Today we’d like to introduce you to Dr. Marc T. Voss, Founder and Executive Director of the Regimes Museum.

Dr. Marc, please share your story with us. How did you get to where you are today?
It all started when I learned about the Holocaust in school, and it was unbelievable. Just unreal. I couldn’t believe that ordinary people could become killers and torturers. Weimar Germany was considered one of the most liberal and forward-thinking societies of the time. How could it go from such an open and accepting society to the polar opposite, to oppression, racism, bigotry, and genocidal war? That lesson inspired me to go on a mission to understand tyranny. To understand what allows for horrible atrocities against humanity, and how ordinary people can prevent these things from happening in the future.

From that point forward, I began collecting the material culture from totalitarian regimes around the world with the goal of safeguarding human rights and preventing dictatorships and all the bad things that come with them from happening again. I collected material objects, eyewitness accounts, documents, and books. I even wrote my own books: in 2010, I published a study exploring how people remember the Holocaust. I found, however, that while academic books are an effective way of contributing to the debate, they’re not necessarily accessible to everyone. I wanted to create a way for everyone to learn about these regimes, to understand what they were like, how they worked, and how they could be prevented.

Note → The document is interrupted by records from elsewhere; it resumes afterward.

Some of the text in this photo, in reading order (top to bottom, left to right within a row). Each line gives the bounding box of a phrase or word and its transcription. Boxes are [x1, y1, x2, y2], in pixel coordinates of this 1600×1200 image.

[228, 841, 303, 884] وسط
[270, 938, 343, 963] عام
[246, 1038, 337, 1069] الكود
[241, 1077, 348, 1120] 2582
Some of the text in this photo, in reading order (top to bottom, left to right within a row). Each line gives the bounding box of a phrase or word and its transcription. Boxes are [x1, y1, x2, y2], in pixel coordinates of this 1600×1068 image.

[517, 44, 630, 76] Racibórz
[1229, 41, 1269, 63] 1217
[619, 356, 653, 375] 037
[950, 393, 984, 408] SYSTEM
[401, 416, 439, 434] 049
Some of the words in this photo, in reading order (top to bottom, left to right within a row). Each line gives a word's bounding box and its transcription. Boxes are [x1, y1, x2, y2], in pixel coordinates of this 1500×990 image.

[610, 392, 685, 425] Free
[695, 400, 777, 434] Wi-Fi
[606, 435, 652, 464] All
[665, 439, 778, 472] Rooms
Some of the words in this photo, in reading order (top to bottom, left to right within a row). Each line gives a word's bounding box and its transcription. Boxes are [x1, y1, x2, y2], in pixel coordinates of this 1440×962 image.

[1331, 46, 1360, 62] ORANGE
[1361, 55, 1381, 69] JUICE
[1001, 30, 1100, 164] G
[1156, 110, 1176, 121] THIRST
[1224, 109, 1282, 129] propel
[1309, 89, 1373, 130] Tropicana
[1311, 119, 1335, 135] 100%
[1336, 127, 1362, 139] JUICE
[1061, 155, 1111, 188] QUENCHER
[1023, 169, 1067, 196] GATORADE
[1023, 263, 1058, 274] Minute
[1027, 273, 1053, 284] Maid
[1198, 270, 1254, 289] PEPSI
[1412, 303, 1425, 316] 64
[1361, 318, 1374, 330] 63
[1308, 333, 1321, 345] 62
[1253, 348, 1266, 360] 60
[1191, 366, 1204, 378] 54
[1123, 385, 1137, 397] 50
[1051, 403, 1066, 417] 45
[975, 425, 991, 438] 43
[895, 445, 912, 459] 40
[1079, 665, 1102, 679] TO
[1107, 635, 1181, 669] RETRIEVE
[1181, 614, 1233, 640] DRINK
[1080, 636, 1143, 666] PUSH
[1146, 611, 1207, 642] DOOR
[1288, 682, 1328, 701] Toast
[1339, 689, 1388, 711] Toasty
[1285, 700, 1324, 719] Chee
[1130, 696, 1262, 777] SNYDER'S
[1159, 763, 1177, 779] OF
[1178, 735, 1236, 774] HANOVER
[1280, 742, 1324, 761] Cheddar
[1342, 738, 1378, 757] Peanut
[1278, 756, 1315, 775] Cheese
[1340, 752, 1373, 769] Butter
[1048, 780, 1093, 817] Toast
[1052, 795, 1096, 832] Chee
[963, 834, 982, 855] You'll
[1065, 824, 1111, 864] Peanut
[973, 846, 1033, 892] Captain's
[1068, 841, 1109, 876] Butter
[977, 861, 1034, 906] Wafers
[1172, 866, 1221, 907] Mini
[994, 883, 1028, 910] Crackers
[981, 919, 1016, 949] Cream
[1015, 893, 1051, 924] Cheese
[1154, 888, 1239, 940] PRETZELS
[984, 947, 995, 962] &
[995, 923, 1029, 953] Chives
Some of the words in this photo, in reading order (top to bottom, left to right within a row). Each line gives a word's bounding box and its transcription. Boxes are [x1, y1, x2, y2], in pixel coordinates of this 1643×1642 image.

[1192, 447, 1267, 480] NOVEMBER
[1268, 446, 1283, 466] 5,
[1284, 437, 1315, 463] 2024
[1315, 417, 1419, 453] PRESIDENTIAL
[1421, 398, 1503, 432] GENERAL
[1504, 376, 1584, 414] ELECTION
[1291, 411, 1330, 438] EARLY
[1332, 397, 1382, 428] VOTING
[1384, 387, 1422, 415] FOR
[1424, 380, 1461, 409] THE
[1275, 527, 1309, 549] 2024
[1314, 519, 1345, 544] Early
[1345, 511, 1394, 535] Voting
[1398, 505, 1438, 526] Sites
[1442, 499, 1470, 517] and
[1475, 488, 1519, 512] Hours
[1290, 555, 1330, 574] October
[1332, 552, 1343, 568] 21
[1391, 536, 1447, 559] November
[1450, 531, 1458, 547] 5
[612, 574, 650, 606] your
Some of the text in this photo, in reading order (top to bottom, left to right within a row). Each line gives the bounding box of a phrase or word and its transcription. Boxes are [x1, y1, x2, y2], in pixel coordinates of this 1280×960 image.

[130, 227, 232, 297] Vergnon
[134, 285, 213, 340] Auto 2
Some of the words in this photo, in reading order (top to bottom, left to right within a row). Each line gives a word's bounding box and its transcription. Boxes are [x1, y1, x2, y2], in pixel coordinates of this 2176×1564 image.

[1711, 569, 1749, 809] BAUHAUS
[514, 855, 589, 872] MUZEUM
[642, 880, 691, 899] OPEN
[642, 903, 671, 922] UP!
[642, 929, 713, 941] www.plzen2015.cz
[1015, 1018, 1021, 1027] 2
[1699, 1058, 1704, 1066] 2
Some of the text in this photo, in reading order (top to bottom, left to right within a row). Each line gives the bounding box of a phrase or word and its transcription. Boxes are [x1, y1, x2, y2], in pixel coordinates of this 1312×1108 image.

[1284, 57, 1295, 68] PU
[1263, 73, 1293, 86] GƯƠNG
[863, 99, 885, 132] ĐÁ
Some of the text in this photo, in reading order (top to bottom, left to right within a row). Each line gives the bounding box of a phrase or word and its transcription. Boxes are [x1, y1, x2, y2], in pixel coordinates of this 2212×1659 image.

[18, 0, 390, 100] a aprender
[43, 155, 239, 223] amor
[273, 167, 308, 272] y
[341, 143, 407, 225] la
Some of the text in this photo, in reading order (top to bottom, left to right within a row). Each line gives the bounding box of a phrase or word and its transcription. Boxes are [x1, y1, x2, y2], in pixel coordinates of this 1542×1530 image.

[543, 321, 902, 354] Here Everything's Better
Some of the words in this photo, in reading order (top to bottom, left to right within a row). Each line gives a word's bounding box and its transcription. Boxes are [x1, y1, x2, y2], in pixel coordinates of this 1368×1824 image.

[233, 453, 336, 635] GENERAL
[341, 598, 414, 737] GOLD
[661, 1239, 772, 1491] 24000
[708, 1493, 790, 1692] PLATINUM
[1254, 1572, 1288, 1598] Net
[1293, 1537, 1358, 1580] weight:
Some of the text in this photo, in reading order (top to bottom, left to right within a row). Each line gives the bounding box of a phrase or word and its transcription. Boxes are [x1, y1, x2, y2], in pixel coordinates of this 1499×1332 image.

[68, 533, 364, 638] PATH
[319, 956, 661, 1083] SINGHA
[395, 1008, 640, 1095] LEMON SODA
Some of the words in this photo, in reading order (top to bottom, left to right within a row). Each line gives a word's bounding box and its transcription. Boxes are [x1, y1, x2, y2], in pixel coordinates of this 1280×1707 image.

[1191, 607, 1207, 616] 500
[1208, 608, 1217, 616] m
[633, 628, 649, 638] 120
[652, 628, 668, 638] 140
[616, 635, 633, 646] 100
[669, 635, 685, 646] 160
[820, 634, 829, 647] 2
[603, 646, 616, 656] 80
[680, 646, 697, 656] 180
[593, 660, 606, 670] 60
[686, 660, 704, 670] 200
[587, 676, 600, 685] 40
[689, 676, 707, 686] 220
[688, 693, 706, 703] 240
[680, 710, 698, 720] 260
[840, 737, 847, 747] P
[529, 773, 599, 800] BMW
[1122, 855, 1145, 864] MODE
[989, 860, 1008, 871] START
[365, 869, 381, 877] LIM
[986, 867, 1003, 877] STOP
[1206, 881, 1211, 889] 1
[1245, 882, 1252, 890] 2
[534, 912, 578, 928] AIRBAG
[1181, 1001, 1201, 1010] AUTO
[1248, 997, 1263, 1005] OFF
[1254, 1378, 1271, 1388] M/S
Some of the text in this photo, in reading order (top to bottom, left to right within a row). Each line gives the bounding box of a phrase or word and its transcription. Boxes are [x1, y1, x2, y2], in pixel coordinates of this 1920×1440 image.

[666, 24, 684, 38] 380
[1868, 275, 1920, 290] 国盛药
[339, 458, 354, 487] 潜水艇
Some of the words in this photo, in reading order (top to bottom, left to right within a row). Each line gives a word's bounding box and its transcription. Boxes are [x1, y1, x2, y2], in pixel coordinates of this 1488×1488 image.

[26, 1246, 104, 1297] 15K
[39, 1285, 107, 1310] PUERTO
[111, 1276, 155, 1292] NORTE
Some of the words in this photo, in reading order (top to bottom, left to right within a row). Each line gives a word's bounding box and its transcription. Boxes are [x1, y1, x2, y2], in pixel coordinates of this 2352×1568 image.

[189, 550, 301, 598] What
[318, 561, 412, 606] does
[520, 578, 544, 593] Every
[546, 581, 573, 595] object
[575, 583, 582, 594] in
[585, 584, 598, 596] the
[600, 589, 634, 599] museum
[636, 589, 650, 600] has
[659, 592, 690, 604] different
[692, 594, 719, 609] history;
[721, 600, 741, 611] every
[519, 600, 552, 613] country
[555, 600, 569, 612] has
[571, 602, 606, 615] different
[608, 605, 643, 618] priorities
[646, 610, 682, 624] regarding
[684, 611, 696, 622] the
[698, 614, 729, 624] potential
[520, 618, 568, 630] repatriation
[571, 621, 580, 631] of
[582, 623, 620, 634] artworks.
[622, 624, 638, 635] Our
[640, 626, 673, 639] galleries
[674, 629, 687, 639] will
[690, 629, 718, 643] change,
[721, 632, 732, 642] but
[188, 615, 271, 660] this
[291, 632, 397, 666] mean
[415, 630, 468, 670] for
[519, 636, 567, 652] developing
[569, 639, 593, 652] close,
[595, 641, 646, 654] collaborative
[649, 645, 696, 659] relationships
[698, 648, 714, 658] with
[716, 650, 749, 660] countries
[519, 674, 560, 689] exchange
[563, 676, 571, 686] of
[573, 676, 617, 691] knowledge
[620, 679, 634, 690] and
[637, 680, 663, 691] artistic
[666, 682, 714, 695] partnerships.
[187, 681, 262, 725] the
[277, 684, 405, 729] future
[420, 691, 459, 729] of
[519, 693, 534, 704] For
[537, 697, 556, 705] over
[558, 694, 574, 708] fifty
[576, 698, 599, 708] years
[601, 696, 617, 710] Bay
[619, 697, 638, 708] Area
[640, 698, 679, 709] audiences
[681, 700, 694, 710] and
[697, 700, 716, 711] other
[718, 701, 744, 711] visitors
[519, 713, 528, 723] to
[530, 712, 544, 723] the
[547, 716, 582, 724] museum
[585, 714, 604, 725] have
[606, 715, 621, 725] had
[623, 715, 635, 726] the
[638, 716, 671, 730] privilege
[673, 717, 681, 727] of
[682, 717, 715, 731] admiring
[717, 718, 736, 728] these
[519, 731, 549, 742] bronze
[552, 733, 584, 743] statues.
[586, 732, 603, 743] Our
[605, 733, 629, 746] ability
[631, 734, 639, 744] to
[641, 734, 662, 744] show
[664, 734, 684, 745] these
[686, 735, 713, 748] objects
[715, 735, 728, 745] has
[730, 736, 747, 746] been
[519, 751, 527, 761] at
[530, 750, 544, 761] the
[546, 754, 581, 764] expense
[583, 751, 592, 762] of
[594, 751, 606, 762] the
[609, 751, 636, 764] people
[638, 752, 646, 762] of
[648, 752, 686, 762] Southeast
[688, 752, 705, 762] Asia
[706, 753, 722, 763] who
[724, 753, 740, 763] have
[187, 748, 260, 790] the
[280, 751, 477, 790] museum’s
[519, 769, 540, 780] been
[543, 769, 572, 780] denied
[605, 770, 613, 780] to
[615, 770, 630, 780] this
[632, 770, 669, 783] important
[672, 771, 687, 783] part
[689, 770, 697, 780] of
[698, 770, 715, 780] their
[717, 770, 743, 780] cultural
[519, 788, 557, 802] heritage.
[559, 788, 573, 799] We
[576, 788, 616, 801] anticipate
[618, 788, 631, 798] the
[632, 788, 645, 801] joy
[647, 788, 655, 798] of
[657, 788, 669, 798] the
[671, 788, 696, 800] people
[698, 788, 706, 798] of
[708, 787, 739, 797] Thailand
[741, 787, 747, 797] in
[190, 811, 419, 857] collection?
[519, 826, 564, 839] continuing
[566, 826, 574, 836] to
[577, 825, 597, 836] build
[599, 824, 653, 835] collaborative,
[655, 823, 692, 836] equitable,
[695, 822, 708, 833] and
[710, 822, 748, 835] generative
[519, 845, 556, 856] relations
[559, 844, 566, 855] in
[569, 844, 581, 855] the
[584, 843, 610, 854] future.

The museum technically started in 2011, when I created a social media page for viewing items in my collection and open discussions about the phenomenon of dictatorship. By 2013, it became clear that the next step would be creating an educational framework to engage historians and researchers as well, so we incorporated and received our nonprofit status shortly thereafter.

Since then, the Regimes Museum has grown immensely. We now have a sizable collection including items from East Germany, Nazi Germany, the Soviet Union, Maoist China, Baathist Middle East, Imperial Japan, and Fascist Italy. We also have a growing collection of oral histories, interviews conducted with individuals who experienced these regimes firsthand. Our aim beyond collecting and preserving these objects and eyewitness accounts is to learn from the phenomenon of tyranny and dictatorship across history and culture; to spread the message of hope, freedom, and peace; and to shine a light on human rights issues of the past and present.

Great, so let’s dig a little deeper into the story – has it been an easy path overall and if not, what were the challenges you’ve had to overcome?
I started the museum with practically no money, no direction, and, though I had help from friends, nobody really knew how to move the organization forward. We had no experience with fundraising or finding donors, and our board consists entirely of volunteers who are working or studying full time, so progress has been slower than we might like. But we are starting to spread our wings, and are doing as much as we can with the resources we have.

Another challenge has been that because we deal with topics of such a sensitive nature, we have found ourselves censored by certain social media sites despite being strictly educational. This remains an ongoing obstacle for myself personally and for the museum in general.

Regimes Museum – what should we know? What do you do best? What sets you apart from the competition?
The Regimes Museum is a 501(c)3 nonprofit organization that provides resources to scholars, students, and the general public through exhibitions, conferences, and a wide array of learning programs. The Museum is the culmination of an effort to collect, preserve, and archive stories, material, and artifacts from a selection of the most notorious regimes of the 20th century. It is both a museum and an educational institution that offers resources to scholars and students with an emphasis on preserving the memories of those who lived under a culture of tyranny and repression and to preserve this history for future generations to interpret and learn from.

Much like a Holocaust museum, the Regimes Museum researches and explores topics related to state-sponsored terror, war, genocide, democide, and human rights issues in order to enlighten the public and help prevent these events from coming about again in the present and future. The phenomenon of tyranny and repression are common throughout recorded history. Philosophers and enlightened thinkers past and present have written extensively about the issue of authoritarian and totalitarian power structures and their impact on the human domain.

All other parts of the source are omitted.